However, the good news is that you will remember a lot of rules over time and toggling key settings such as the Shutter Speed or Aperture will soon become second nature to you! With practice and consistency, you’ll soon be able to nail the basics whenever you next pick up your camera!
But with most things in life, nothing is easy, and Photography is the same, too! Just keep practicing and you’ll get there! After all, practice makes perfect!
Myth 2: You need a Degree to shoot great pictures
Sure, a degree in Fine Art or Photography may give you a head-start, particularly in being able to research and understand a photographer and their work, but if you’re looking to get started right away, it does not require you to rack up thousands and thousands in tuition fees or course fees. Nor does learning photography require you to commit the next 3 to 4 years of your life studying!
There are tons of Youtube Videos and articles online teaching you the basics and there are numerous courses that cost you far less than a degree which can help you to master a certain skill within photography such as night photography or editing your shots in Lightroom.
Some of the best Photographers and websites to take a look at are:
- Peter McKinnon (He has amassed over 5 MILLION subscribers and has videos on everything from gear, Lightroom editing, camera lenses and tutorials for beginners such as getting of the auto mode and shooting from different angles)
- 7th Era (Liam is another popular Photographer on Youtube based on Australia and he focuses mainly on Night Photography and Urban Photography so if that is right up your street, check him out)
- iPhone Photography School (This handy website is great for taking photos with the one object that is always by your side… yes, your phone. Site Founder Emil Pakarklis teaches you everything you need to know from how to hold your phone the right way to shooting in different angles and even advanced topics like HDR and making the most of the Telephoto and Ultrawide lenses on the newer iPhones! If you’re looking to take your mobile photography to the next level, this website has it all)
All in all, you can get started right now and unlike a degree, you can learn this from the comfort of your own home. But however you decide to learn, you certainly do not need an expensive and time-consuming degree to take shots just like the pros!
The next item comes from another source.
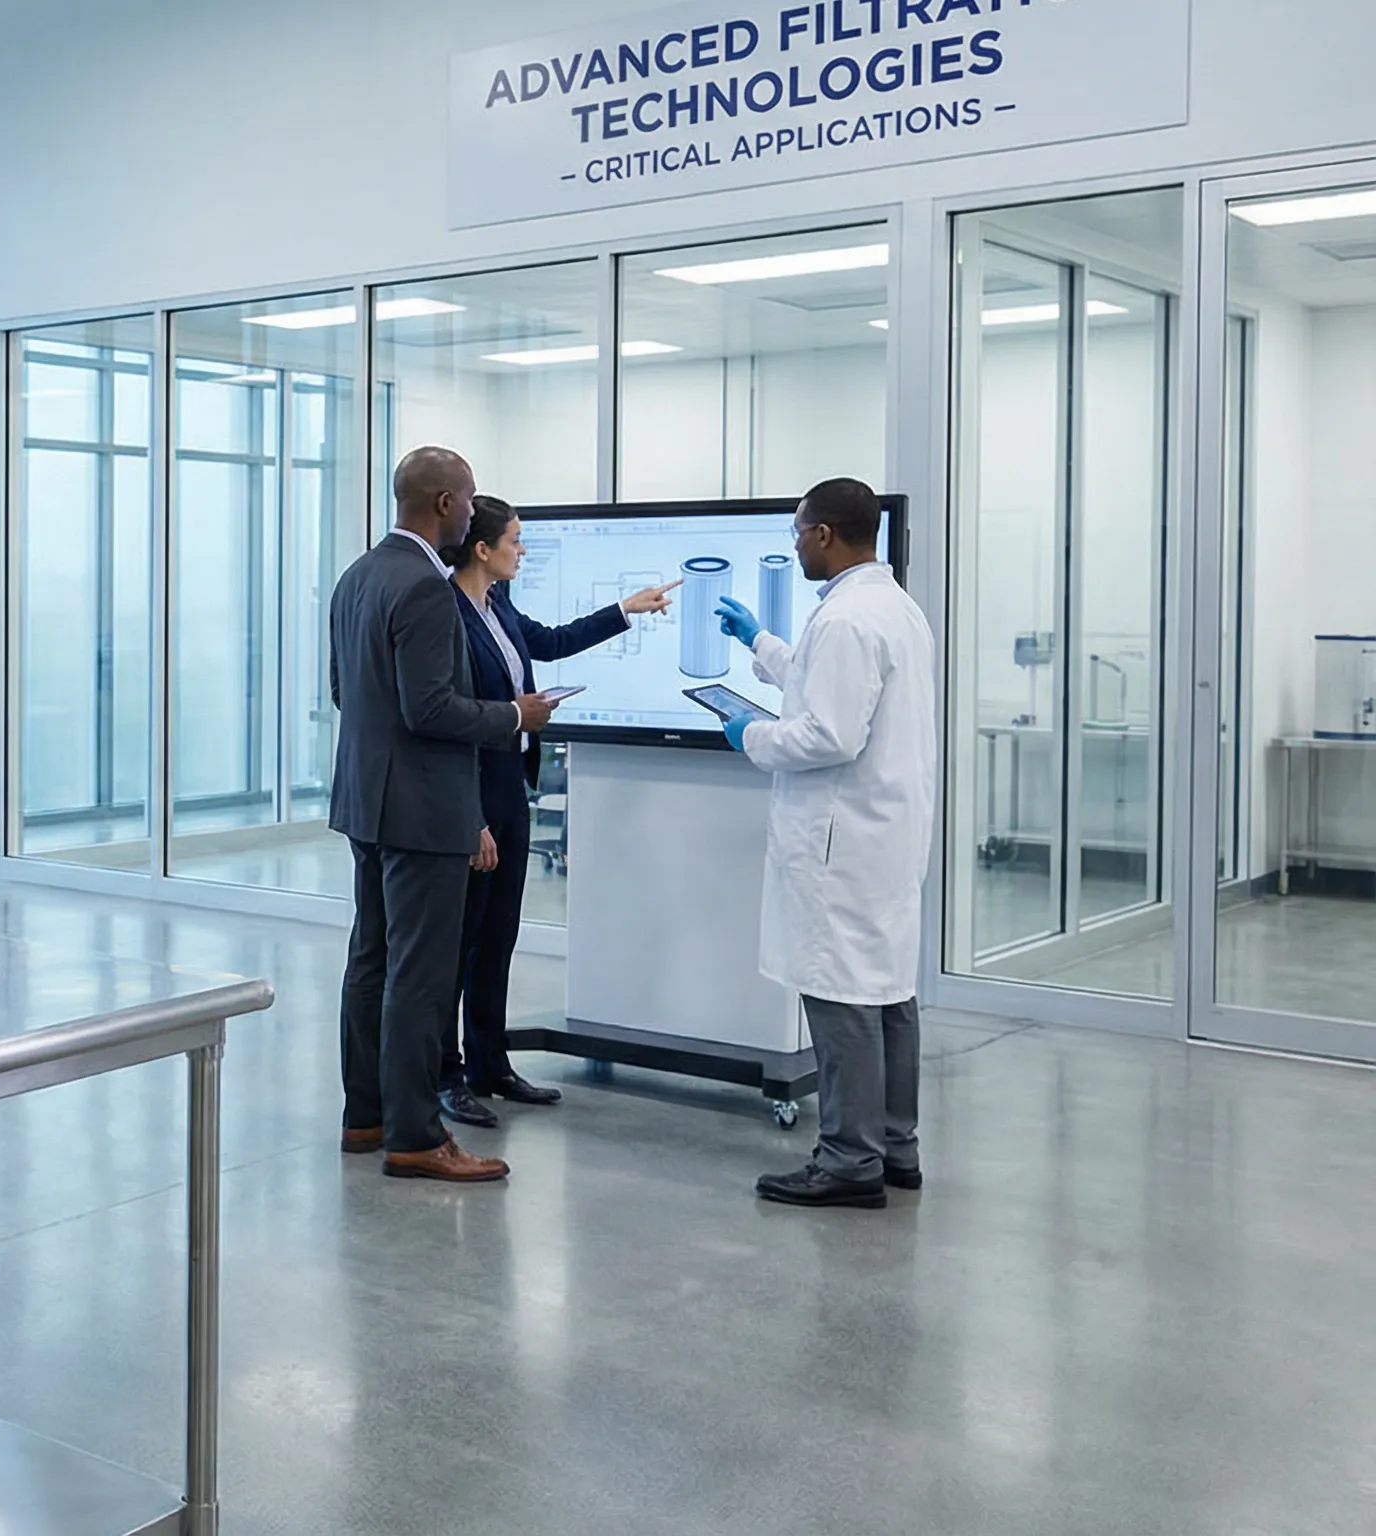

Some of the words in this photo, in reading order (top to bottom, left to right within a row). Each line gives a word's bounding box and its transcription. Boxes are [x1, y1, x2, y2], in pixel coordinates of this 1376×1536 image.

Myth 3: Photography is too expensive to get into
Many people have the misconception that you need an expensive camera going into the thousands and you need to couple that with a potentially even more expensive lens. But this is far from the truth. DSLR prices are going down all of the time and now you can pick yourself up a great used DSLR camera from a few years ago or even a new budget DSLR for under £500.
These low prices even include a kit lens so you can get snapping some great shots from right out of the box. A kit lens typically covers a focal length range of 18-55mm and this will allow you to take shots in a variety of conditions and scenes.
You can use this lens to take wide-angle shots, portrait shots of your friends and family or even of your pets, architectural photography of local landmarks such as churches or small shops in your town centre.
2 Budget Cameras that are great to get started with
The 2 main companies that sell DSLR cameras within this price range are Canon and Nikon. Both are great companies overall regardless of what photography you intend to shoot and both offer budget camera options for brand new such as:
- Canon 4000D (This is the cheapest new Camera and as such, it contains the bare bones and omits many features you may have become accustomed to with a phone such as a touchscreen or a connectivity options such as Wifi/GPS or NFC. But if you are looking for a great beginner camera to kickstart your DSLR photography journey, then this may be a camera for you to consider)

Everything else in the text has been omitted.